Go to the line that contains "this 1250×1668 image.". Restate that line and each one after it exactly, through the end of the records, without pictures.
+ + + + +
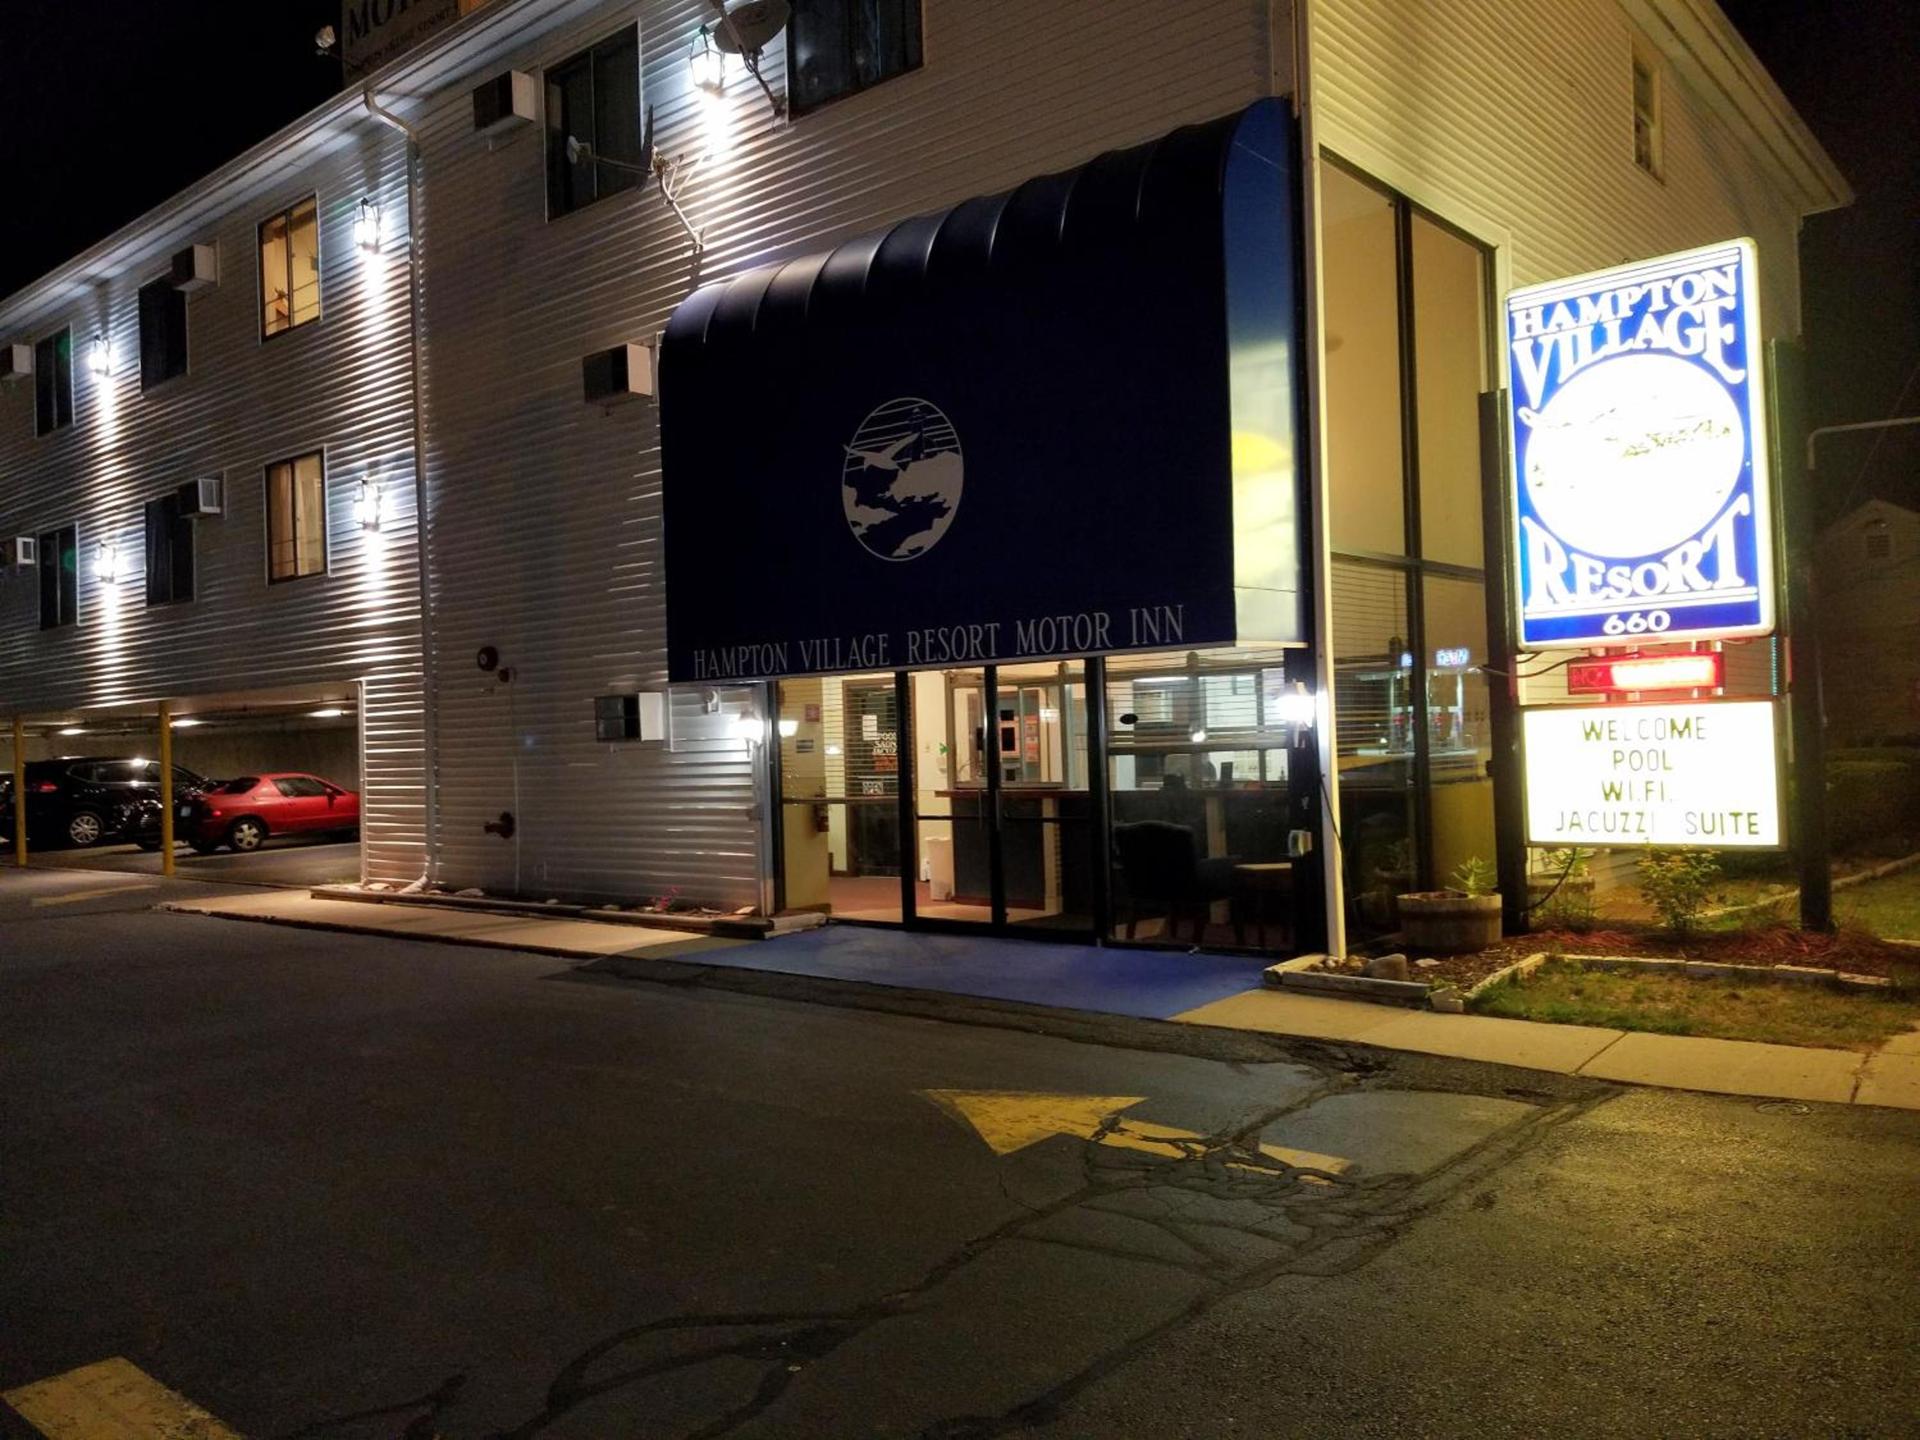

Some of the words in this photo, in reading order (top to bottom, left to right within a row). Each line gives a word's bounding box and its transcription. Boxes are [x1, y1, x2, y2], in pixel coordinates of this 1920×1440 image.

[1510, 264, 1739, 338] HAMPTON
[1511, 298, 1745, 409] VILLAGE
[1522, 493, 1750, 608] RESORT
[693, 641, 789, 680] HAMPTON
[799, 633, 890, 671] VILLAGE
[907, 622, 1000, 665] RESORT
[1015, 611, 1113, 656] MOTOR
[1129, 604, 1184, 646] INN
[1603, 610, 1671, 635] 660
[1582, 716, 1707, 742] WELCOME
[1612, 749, 1673, 772] POOL
[1555, 811, 1655, 834] JACUZZI
[1685, 811, 1760, 836] SUITE
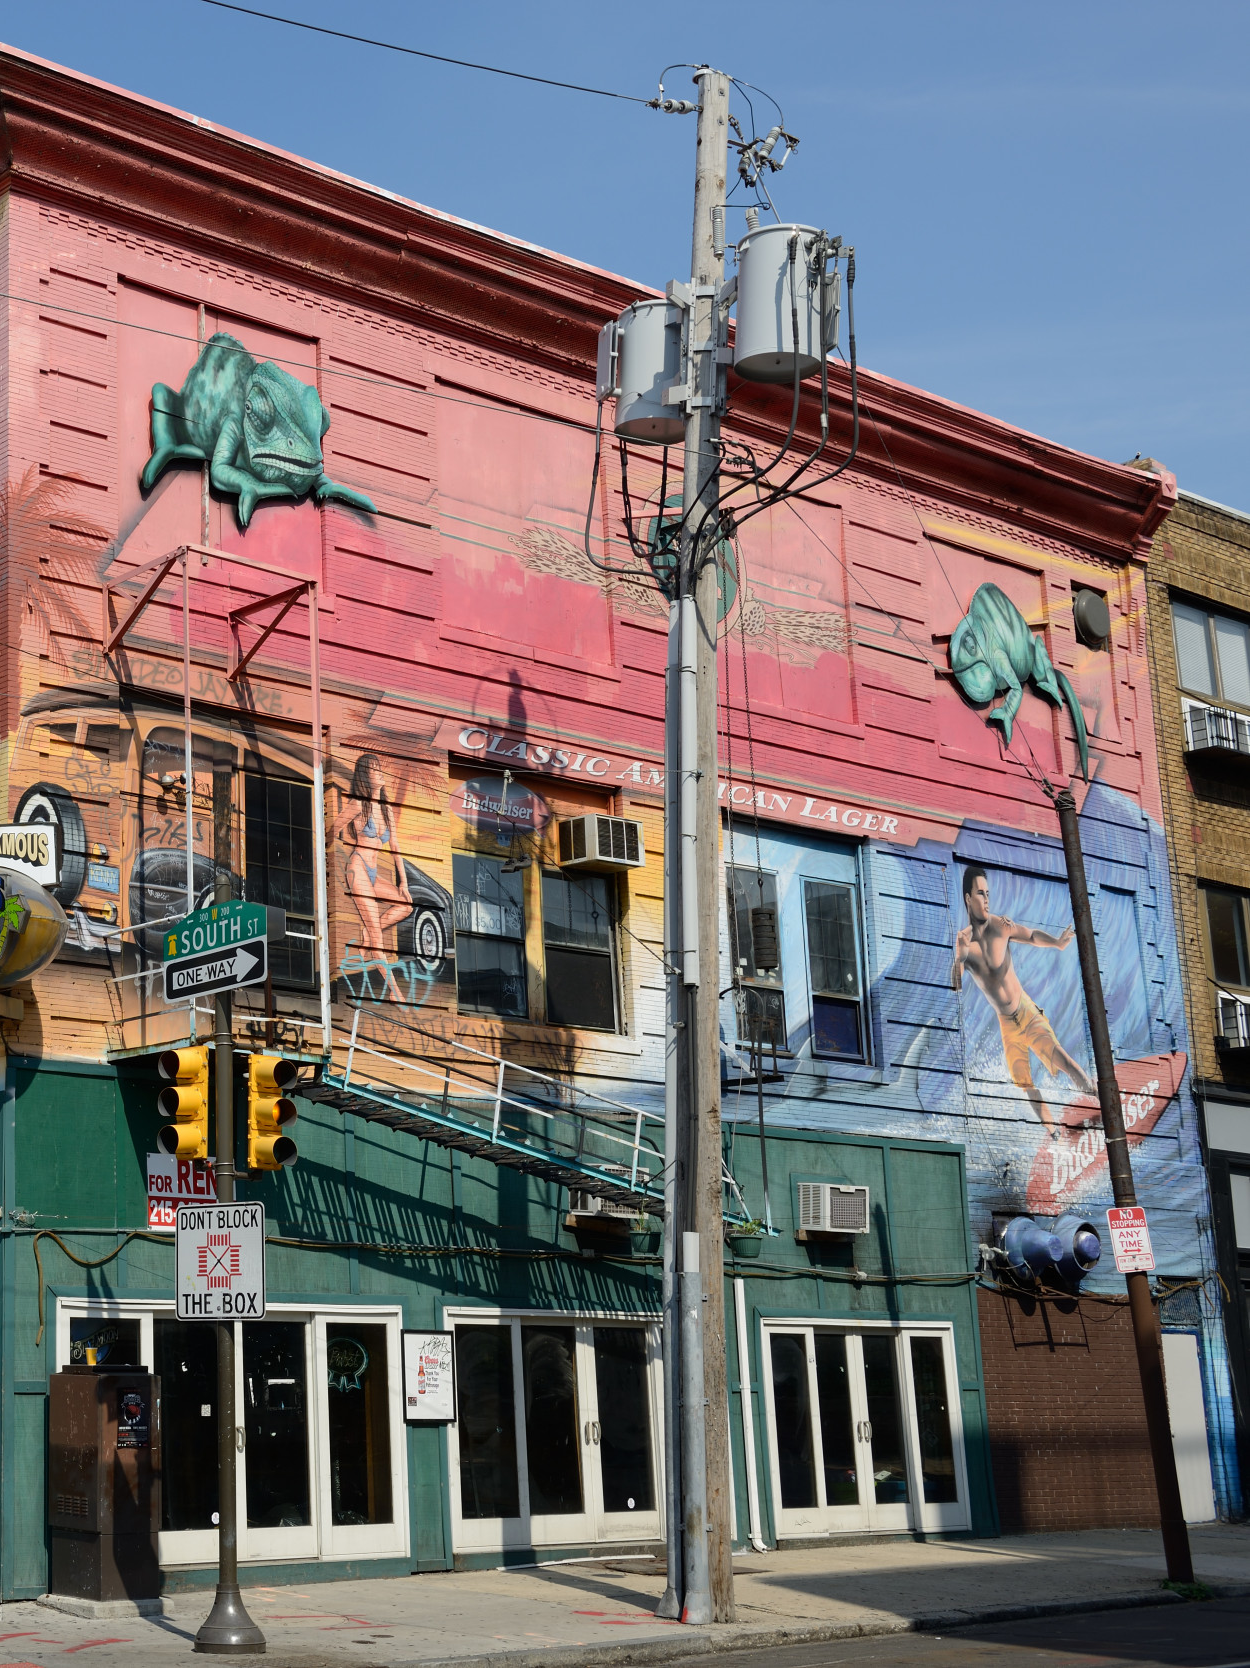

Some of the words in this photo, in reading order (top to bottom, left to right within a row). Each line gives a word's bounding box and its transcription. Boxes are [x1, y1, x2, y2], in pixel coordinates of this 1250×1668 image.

[458, 727, 611, 777] CLASSIC
[616, 761, 792, 813] AMICAN
[800, 797, 899, 835] LAGER
[461, 790, 534, 820] Budweiser
[211, 908, 218, 920] W
[181, 915, 241, 954] SOUTH
[247, 918, 259, 937] ST
[177, 967, 203, 987] ONE
[206, 958, 236, 979] WAY
[1047, 1079, 1160, 1195] Budwiser
[149, 1174, 173, 1193] FOR
[177, 1159, 218, 1196] REN
[181, 1209, 213, 1230] DON'T
[217, 1208, 259, 1229] BLOCK
[1111, 1219, 1145, 1228] STOPPING
[1119, 1209, 1134, 1220] NO
[1119, 1230, 1141, 1239] ANY
[1119, 1240, 1144, 1248] TIME
[182, 1293, 213, 1315] THE
[222, 1292, 258, 1314] BOX
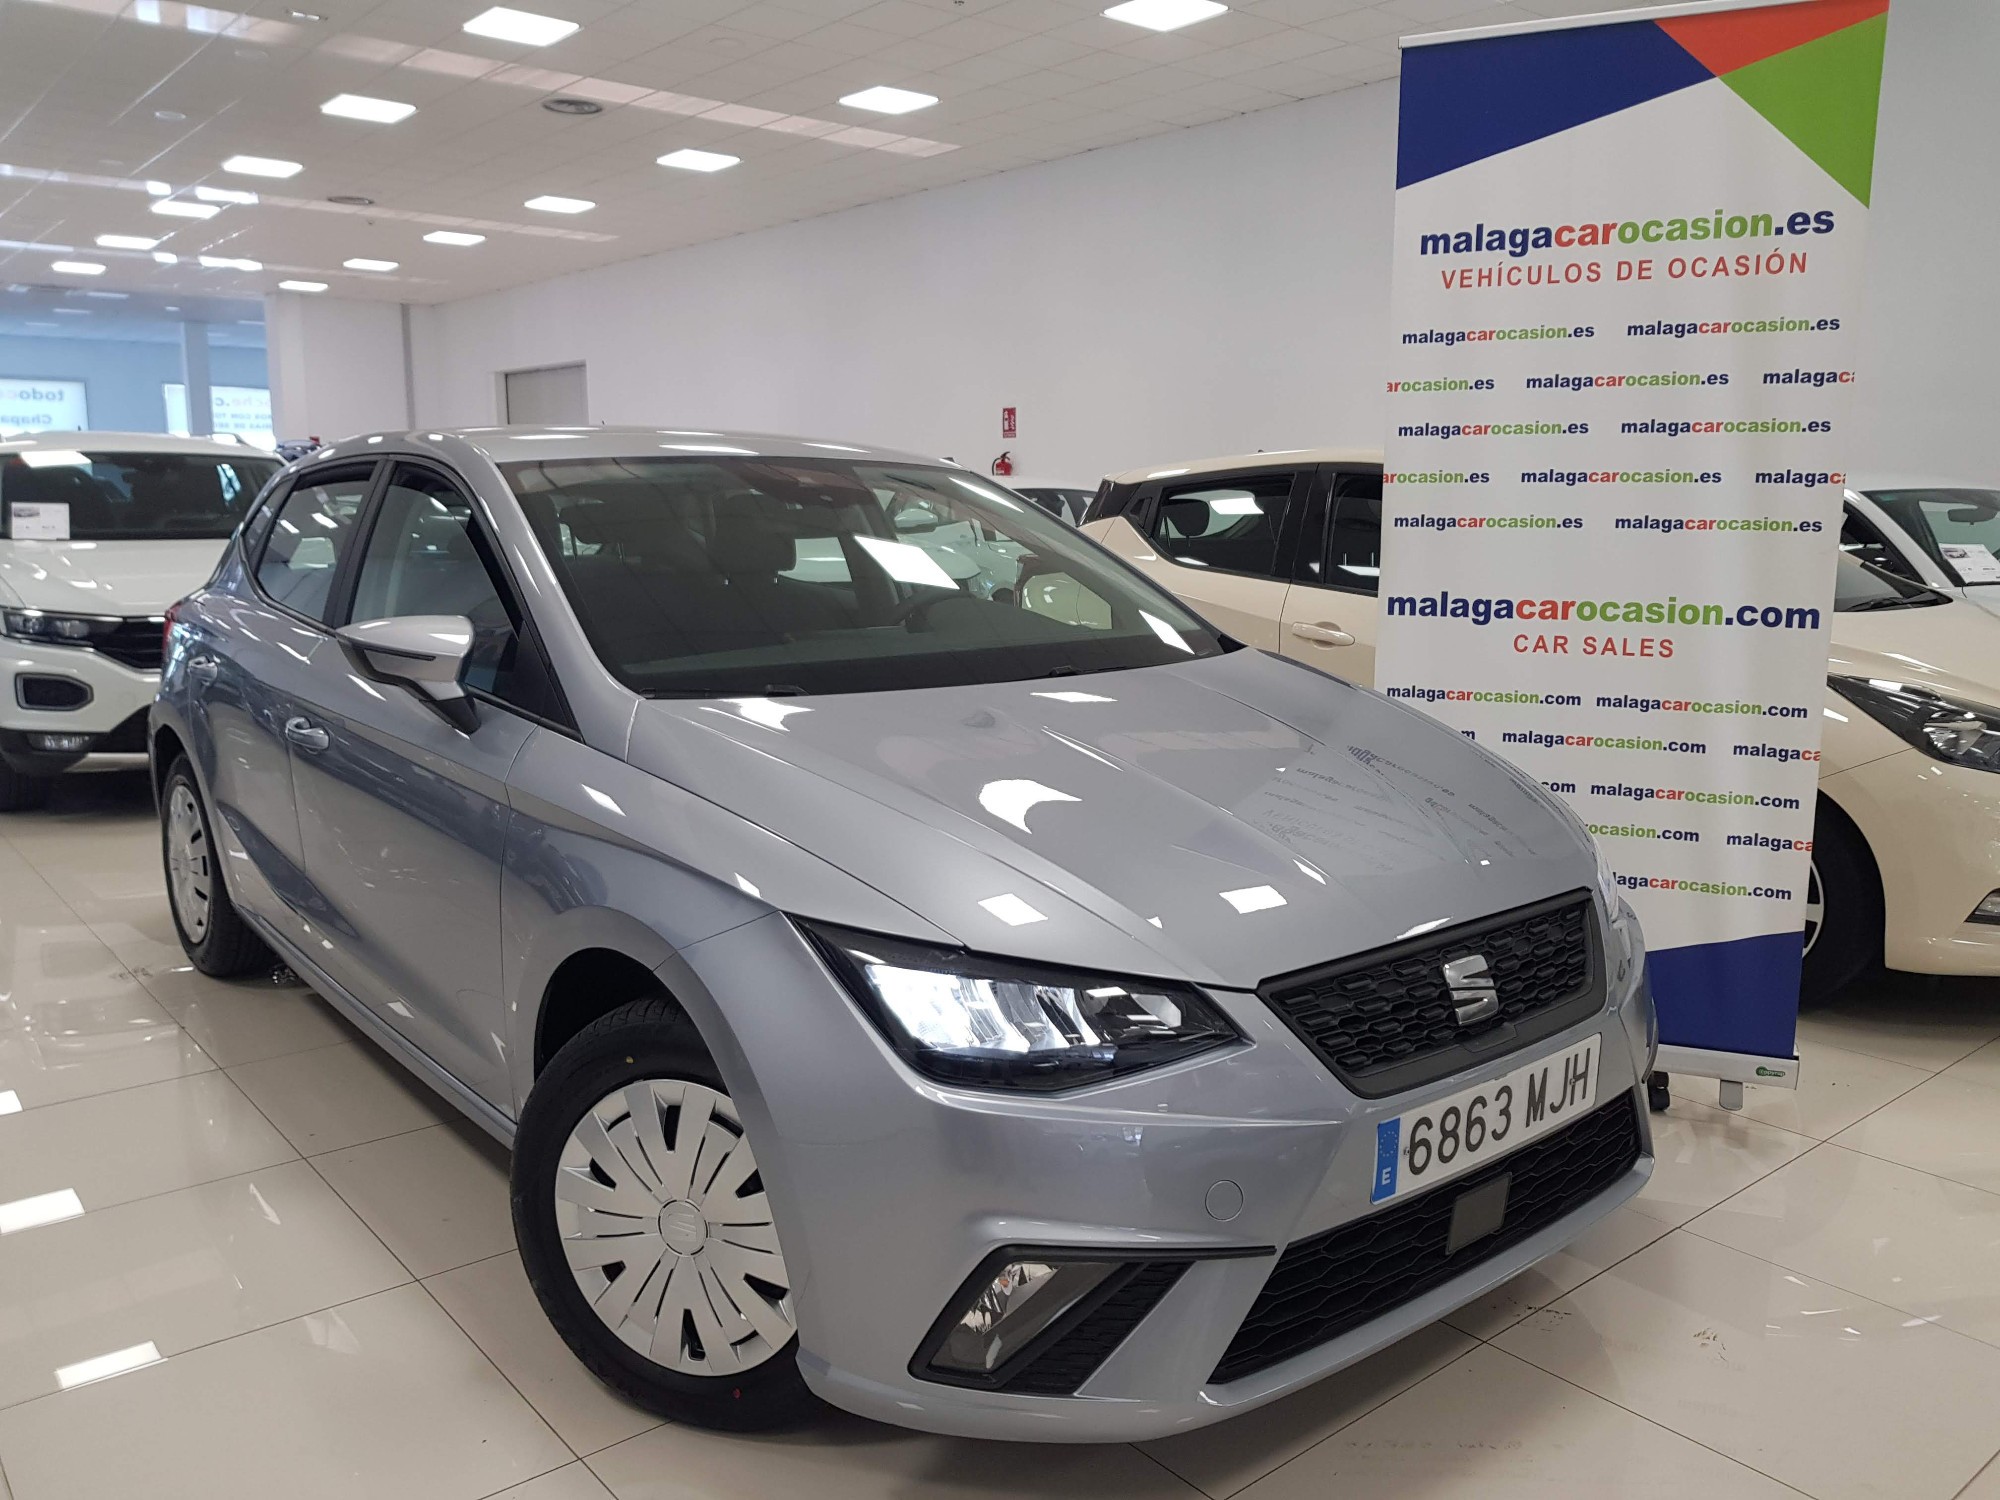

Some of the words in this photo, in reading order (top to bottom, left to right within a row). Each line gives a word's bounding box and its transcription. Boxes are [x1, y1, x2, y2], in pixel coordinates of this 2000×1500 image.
+ + + + +
Response below:
Some of the words in this photo, in reading order (top to bottom, left to right within a row). Each line gives a word's bounding box and its transcription. Boxes are [x1, y1, x2, y2], in pixel coordinates of this 1250×1668 image.

[458, 727, 611, 777] CLASSIC
[616, 761, 792, 813] AMICAN
[800, 797, 899, 835] LAGER
[461, 790, 534, 820] Budweiser
[211, 908, 218, 920] W
[181, 915, 241, 954] SOUTH
[247, 918, 259, 937] ST
[177, 967, 203, 987] ONE
[206, 958, 236, 979] WAY
[1047, 1079, 1160, 1195] Budwiser
[149, 1174, 173, 1193] FOR
[177, 1159, 218, 1196] REN
[181, 1209, 213, 1230] DON'T
[217, 1208, 259, 1229] BLOCK
[1111, 1219, 1145, 1228] STOPPING
[1119, 1209, 1134, 1220] NO
[1119, 1230, 1141, 1239] ANY
[1119, 1240, 1144, 1248] TIME
[182, 1293, 213, 1315] THE
[222, 1292, 258, 1314] BOX

Some of the words in this photo, in reading order (top to bottom, left to right within a row). Each line gives a word's bounding box and its transcription. Boxes are [x1, y1, x2, y2], in pixel coordinates of this 2000×1500 image.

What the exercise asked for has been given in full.